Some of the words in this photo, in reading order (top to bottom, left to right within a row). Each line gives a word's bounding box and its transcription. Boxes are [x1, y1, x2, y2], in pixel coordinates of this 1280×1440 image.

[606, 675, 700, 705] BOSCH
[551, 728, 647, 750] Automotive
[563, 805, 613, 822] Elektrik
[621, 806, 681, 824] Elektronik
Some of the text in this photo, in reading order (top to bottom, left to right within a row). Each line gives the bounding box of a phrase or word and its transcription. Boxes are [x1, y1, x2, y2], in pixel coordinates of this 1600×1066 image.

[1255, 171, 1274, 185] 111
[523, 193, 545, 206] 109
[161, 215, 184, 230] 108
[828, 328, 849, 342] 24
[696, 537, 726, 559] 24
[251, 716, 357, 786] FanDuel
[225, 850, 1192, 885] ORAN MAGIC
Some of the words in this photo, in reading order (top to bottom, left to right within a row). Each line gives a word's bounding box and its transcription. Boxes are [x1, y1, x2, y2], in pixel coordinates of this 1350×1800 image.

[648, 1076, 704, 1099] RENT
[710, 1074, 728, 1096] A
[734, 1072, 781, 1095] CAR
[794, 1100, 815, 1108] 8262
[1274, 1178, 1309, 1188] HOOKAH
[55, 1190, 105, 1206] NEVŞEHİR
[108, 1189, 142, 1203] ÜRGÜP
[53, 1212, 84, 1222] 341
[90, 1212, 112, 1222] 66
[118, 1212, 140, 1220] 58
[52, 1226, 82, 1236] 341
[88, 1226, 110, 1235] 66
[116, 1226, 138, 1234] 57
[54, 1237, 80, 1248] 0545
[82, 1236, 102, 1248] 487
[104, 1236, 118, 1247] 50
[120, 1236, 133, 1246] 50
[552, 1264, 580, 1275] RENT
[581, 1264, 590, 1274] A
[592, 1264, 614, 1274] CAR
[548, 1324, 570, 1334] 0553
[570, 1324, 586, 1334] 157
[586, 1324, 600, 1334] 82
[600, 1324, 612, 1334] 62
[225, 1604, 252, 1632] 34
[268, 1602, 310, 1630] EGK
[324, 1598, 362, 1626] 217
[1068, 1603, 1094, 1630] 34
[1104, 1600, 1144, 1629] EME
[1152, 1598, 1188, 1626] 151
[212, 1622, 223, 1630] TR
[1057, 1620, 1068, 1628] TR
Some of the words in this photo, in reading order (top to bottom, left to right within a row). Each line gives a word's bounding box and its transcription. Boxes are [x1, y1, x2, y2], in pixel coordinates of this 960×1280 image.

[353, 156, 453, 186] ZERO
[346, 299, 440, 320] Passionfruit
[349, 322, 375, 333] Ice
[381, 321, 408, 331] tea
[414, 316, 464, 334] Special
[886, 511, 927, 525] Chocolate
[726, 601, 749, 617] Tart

======

Brief:
Beginning with the line that holds "this 960×1280 image." and ending with the last line of the listing, output every line exactly. Leave out everything else.

Task solution:
Some of the words in this photo, in reading order (top to bottom, left to right within a row). Each line gives a word's bounding box and its transcription. Boxes are [x1, y1, x2, y2], in pixel coordinates of this 960×1280 image.

[353, 156, 453, 186] ZERO
[346, 299, 440, 320] Passionfruit
[349, 322, 375, 333] Ice
[381, 321, 408, 331] tea
[414, 316, 464, 334] Special
[886, 511, 927, 525] Chocolate
[726, 601, 749, 617] Tart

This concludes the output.